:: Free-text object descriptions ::
--- --- ---

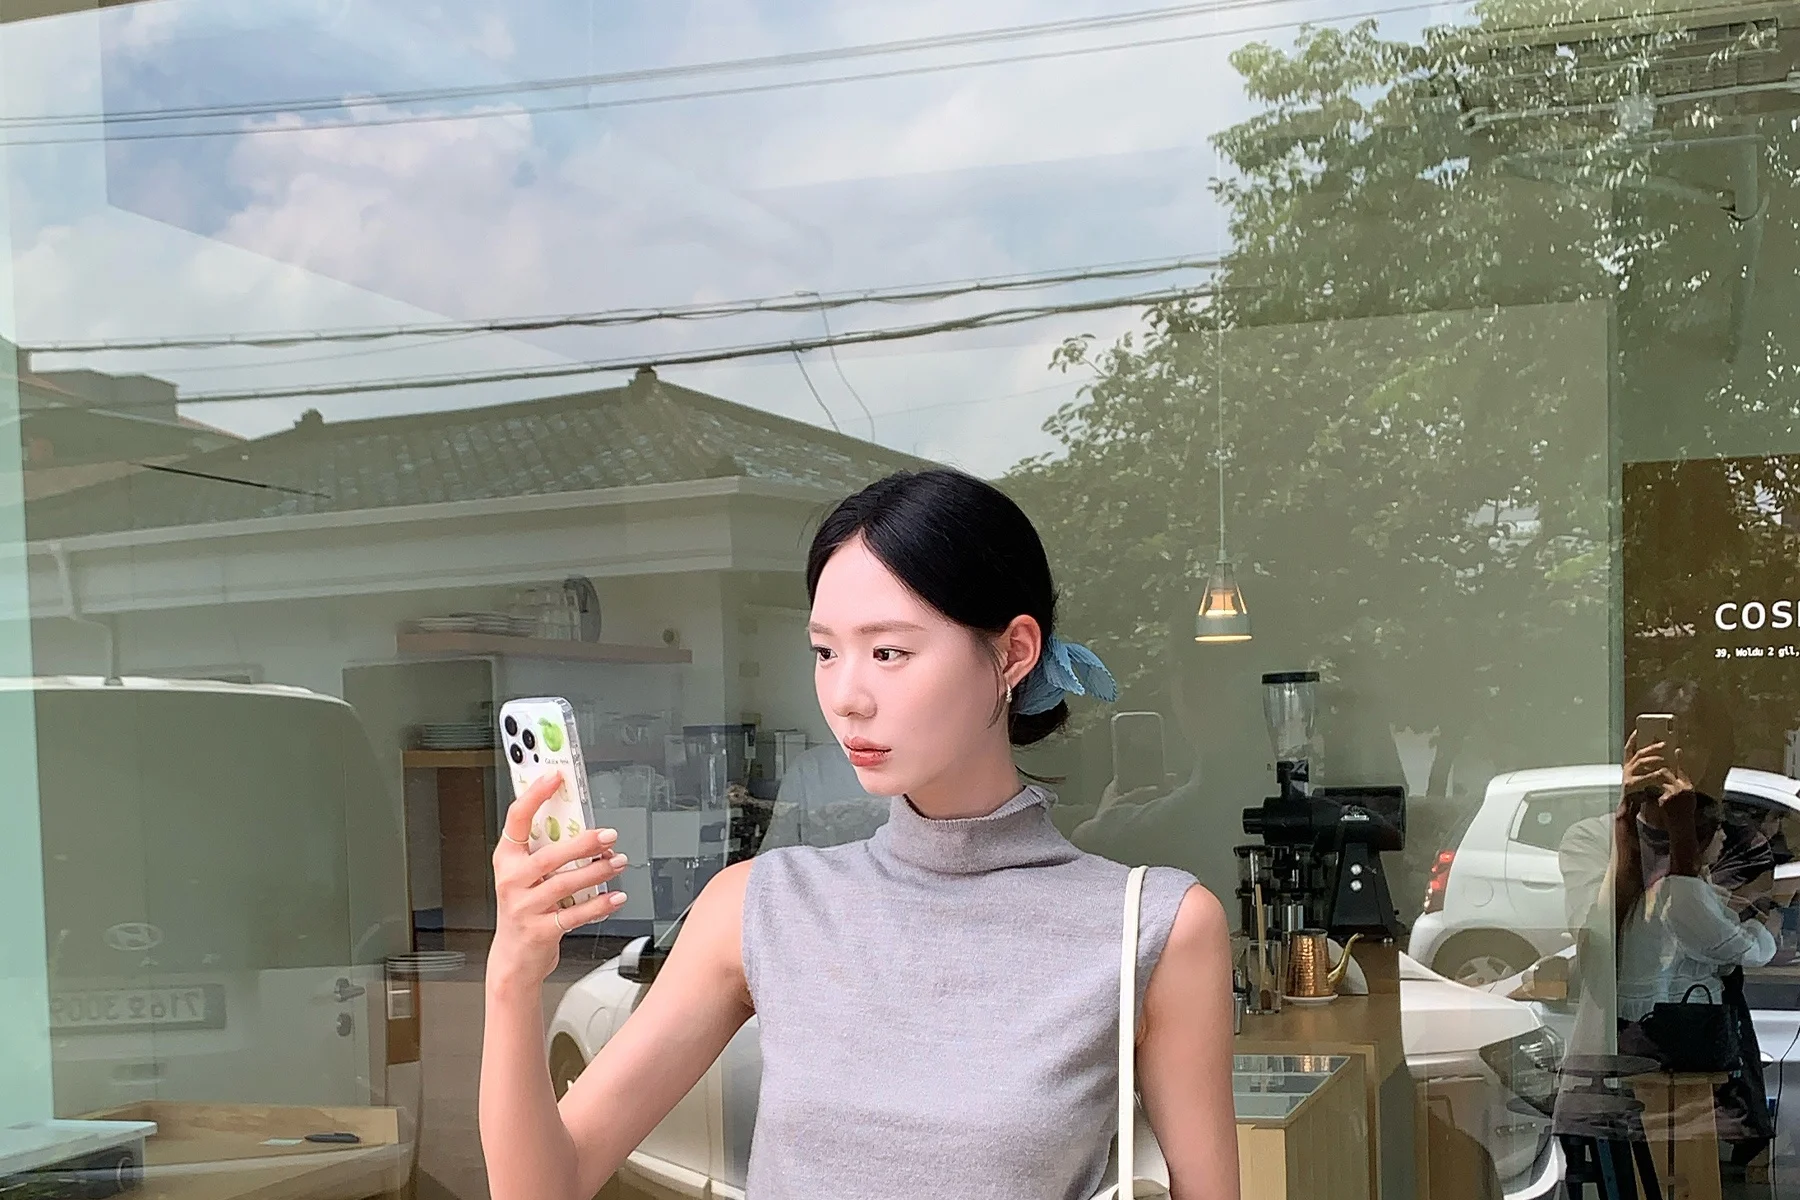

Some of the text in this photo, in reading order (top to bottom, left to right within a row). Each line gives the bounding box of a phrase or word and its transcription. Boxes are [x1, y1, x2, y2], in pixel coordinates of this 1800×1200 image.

[1714, 600, 1800, 631] COS
[1714, 648, 1731, 659] 39,
[1735, 647, 1764, 658] Woldu
[1767, 647, 1774, 656] 2

--- --- ---

:: Exercise instructions ::
Verbatim repetition of the entries is required, excluding any pictures.

:: Your solution ::
Some of the text in this photo, in reading order (top to bottom, left to right within a row). Each line gives the bounding box of a phrase or word and its transcription. Boxes are [x1, y1, x2, y2], in pixel coordinates of this 1800×1200 image.

[1714, 600, 1800, 631] COS
[1714, 648, 1731, 659] 39,
[1735, 647, 1764, 658] Woldu
[1767, 647, 1774, 656] 2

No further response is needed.